[PROBLEM DESCRIPTION]
Copy every entry word for word. Skip the pictures.

[THE INPUT]

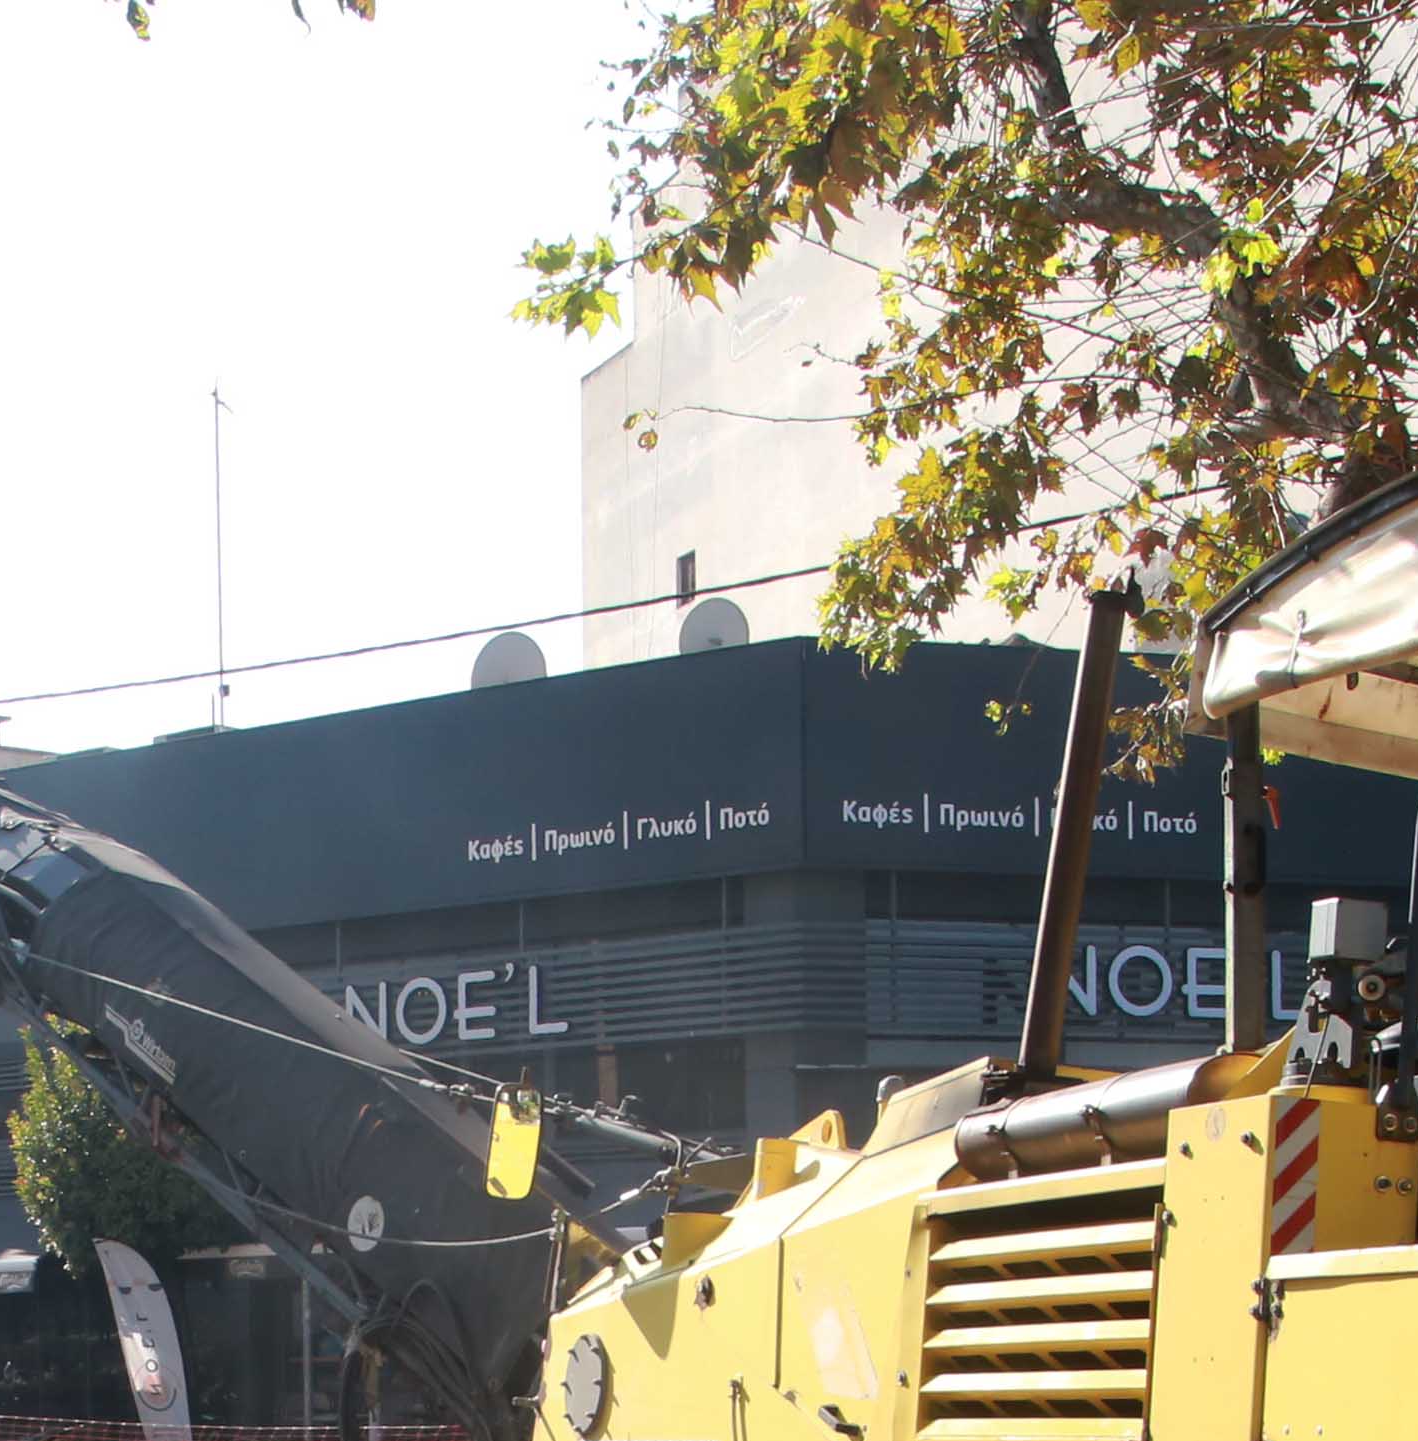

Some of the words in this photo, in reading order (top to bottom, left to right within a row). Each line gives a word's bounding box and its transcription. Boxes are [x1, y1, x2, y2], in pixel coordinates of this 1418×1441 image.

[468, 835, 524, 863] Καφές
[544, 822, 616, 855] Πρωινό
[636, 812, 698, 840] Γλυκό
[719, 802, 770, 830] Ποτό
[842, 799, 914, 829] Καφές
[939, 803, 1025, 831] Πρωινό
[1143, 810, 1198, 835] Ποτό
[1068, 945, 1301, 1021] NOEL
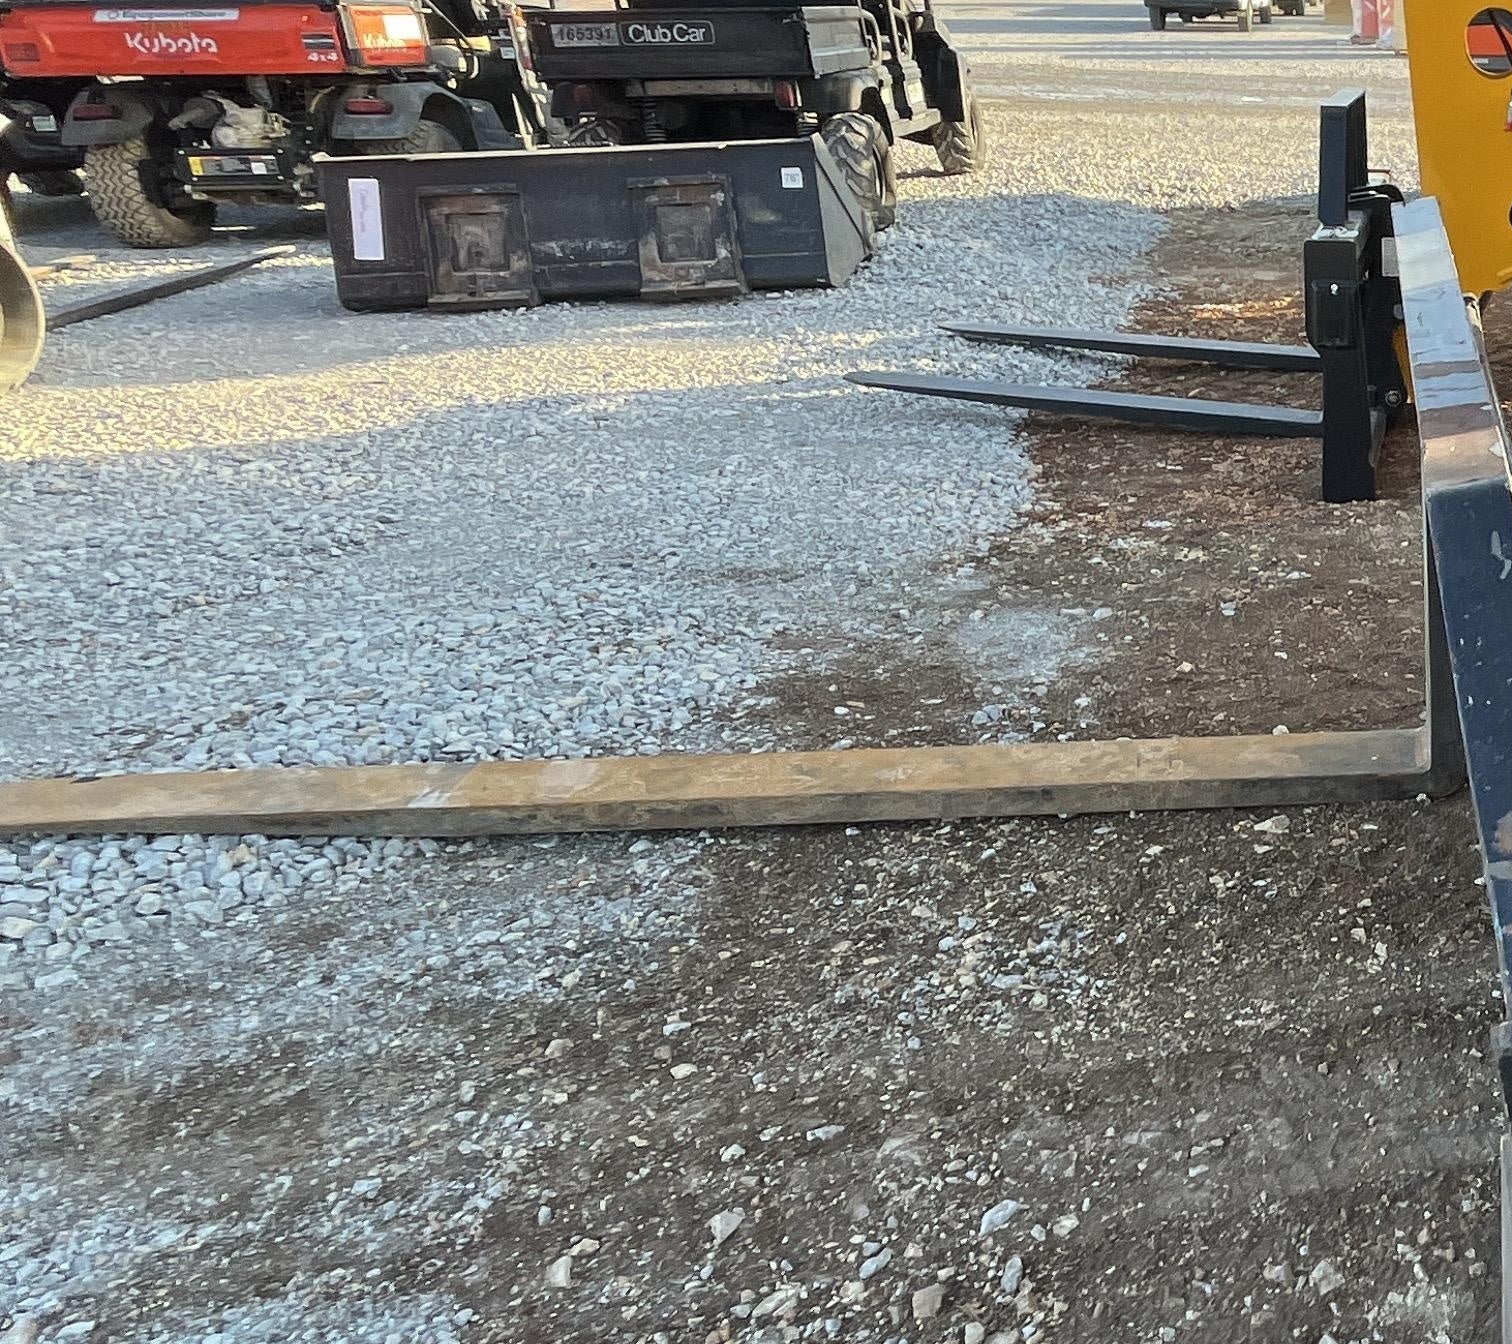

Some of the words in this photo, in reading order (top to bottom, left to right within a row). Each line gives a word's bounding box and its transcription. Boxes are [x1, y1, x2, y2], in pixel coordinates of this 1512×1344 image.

[TASK OUTPUT]
Some of the words in this photo, in reading order (top to bottom, left to right within a row). Each line gives a word's bounding box and its transcription. Boxes are [x1, y1, x2, y2], in pixel coordinates of this 1418×1441 image.

[468, 835, 524, 863] Καφές
[544, 822, 616, 855] Πρωινό
[636, 812, 698, 840] Γλυκό
[719, 802, 770, 830] Ποτό
[842, 799, 914, 829] Καφές
[939, 803, 1025, 831] Πρωινό
[1143, 810, 1198, 835] Ποτό
[1068, 945, 1301, 1021] NOEL

Some of the words in this photo, in reading order (top to bottom, left to right within a row). Each line gives a word's bounding box and its transcription. Boxes are [x1, y1, x2, y2], in pixel coordinates of this 1512×1344 image.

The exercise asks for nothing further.